Spectroscopic Study of Substrate Binding to the Carbonmonoxy Form of Dehaloperoxidase fromAmphitriteornata

Abstract

Dehaloperoxidase (DHP) is a globular heme enzyme found in the marine worm Amphitrite ornata that can catalyze the dehalogenation of halophenols to the corresponding quinones by using hydrogen peroxide as a cosubstrate. Its three-dimensional fold is surprisingly similar to that of the oxygen storage protein myoglobin (Mb). A key structural feature common to both DHP and Mb is the existence of multiple conformations of the distal histidine.
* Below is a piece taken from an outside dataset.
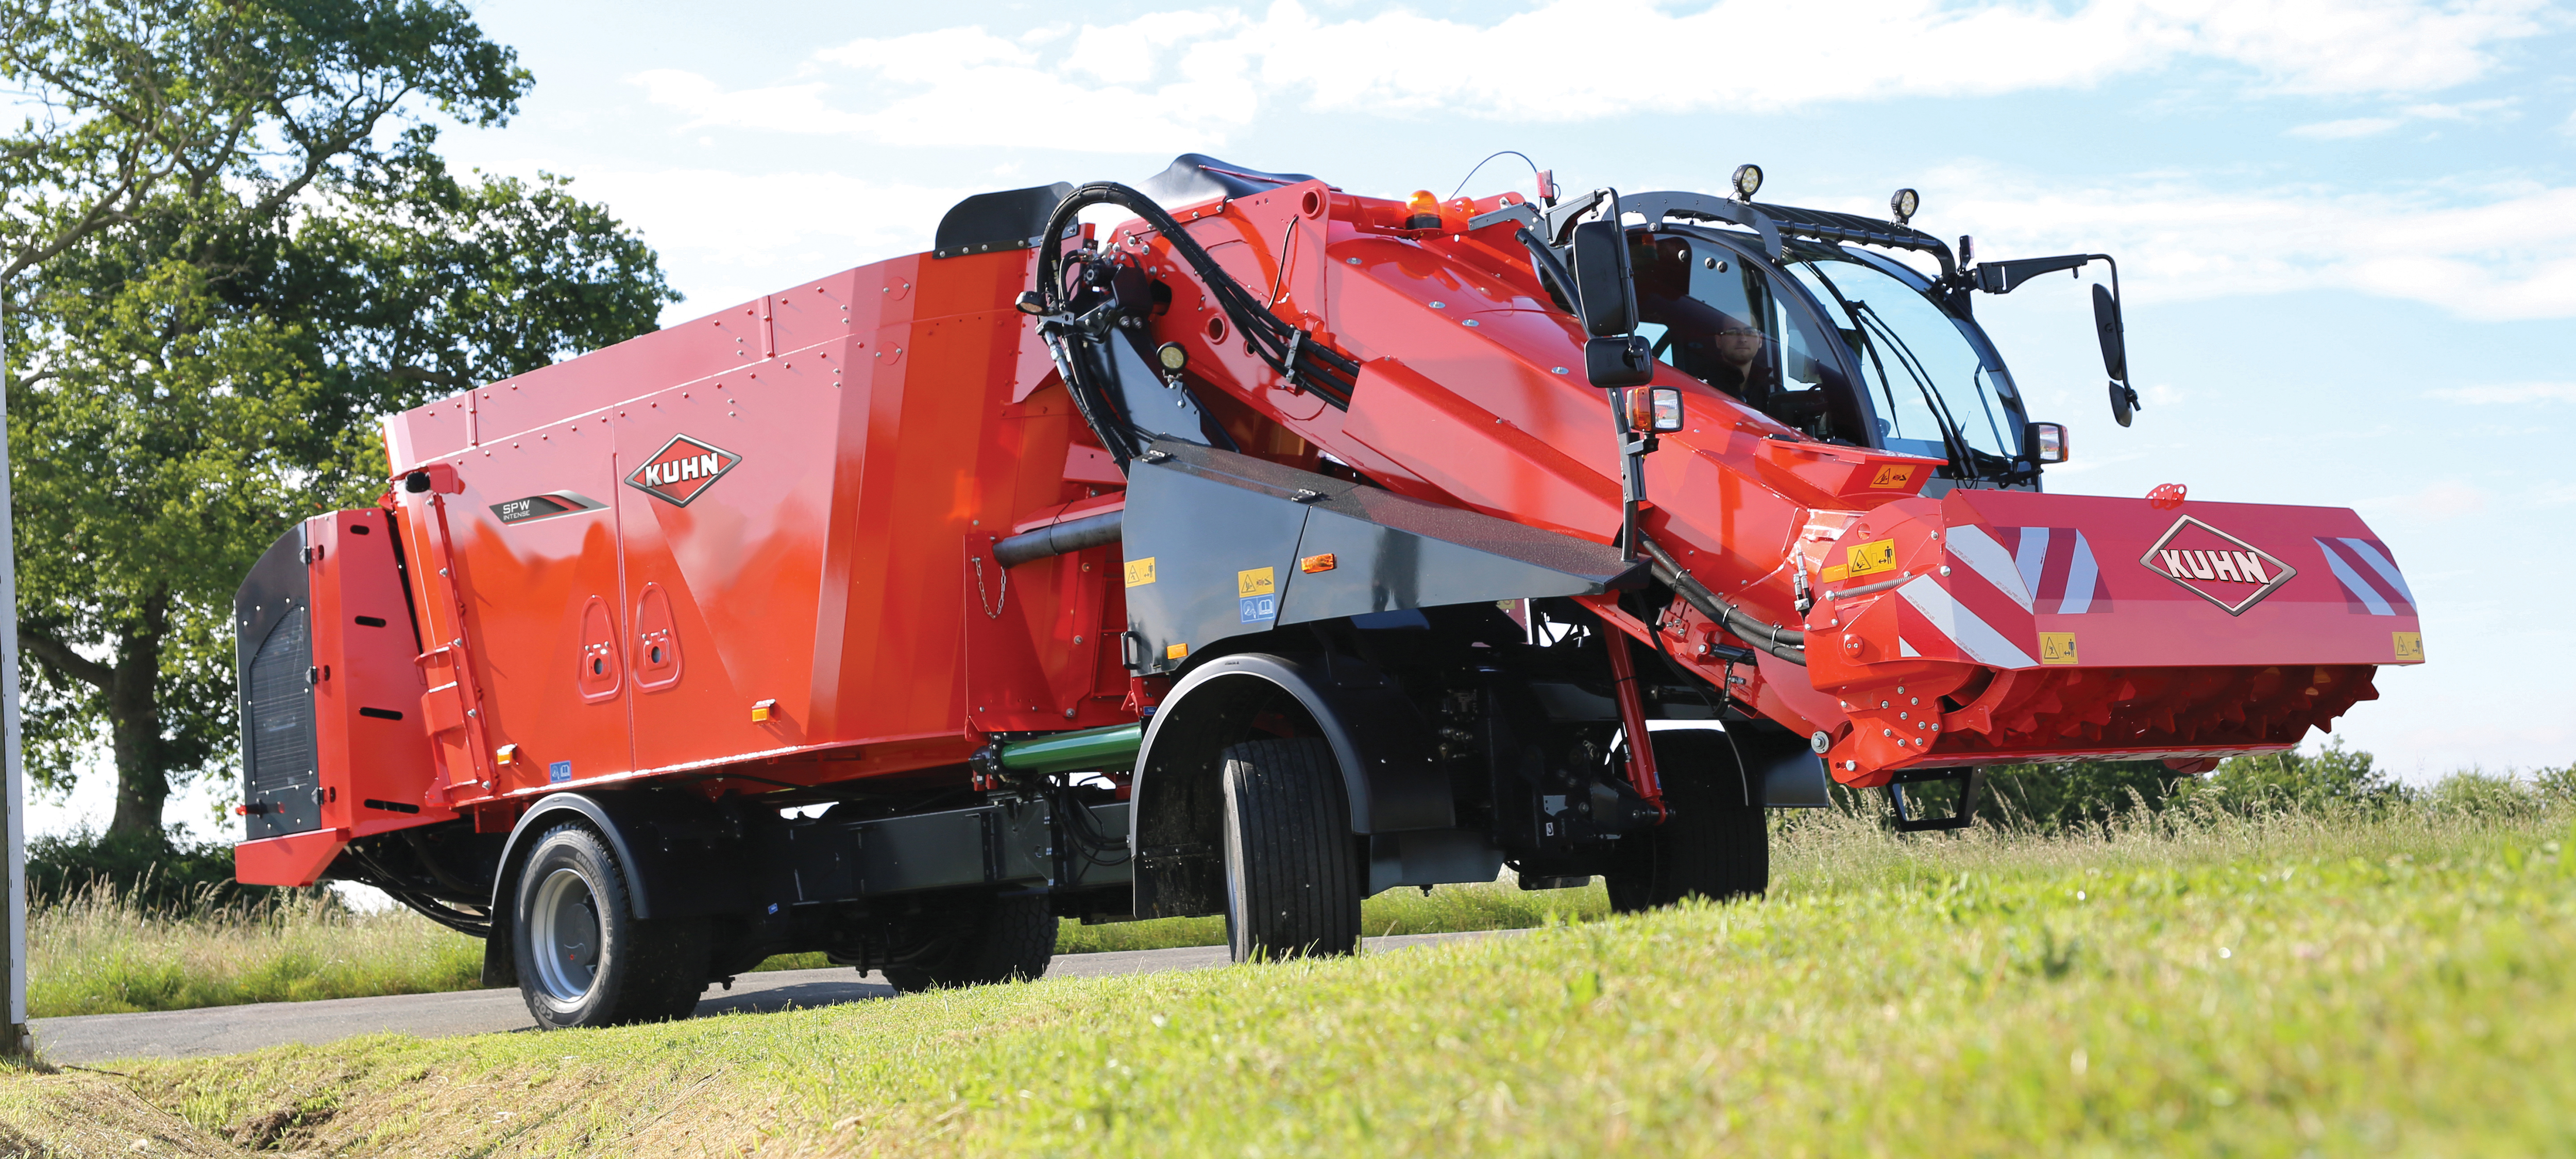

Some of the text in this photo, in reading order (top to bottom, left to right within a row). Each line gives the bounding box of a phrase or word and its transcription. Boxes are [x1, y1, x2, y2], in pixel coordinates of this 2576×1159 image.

In DHP, the conformational flexibility may be involved in promotion of substrate and cosubstrate entry and exit. Here we have explored the dynamics of substrate binding in DHP using Fourier transform infrared spectroscopy and flash photolysis. A number of discrete conformations at the active site were identified from the appearance of multiple CO absorbance bands in the infrared region of the spectrum. Upon photolysis at cryogenic temperatures, the CO molecules are trapped at docking sites within the protein matrix, as inferred from the appearance of several photoproduct bands characteristic of each site. Substrate binding stabilizes the protein by approximately 20 kJ/mol. The low yield of substrate-bound DHP at ambient temperature points toward a steric inhibition of substrate binding by carbon monoxide.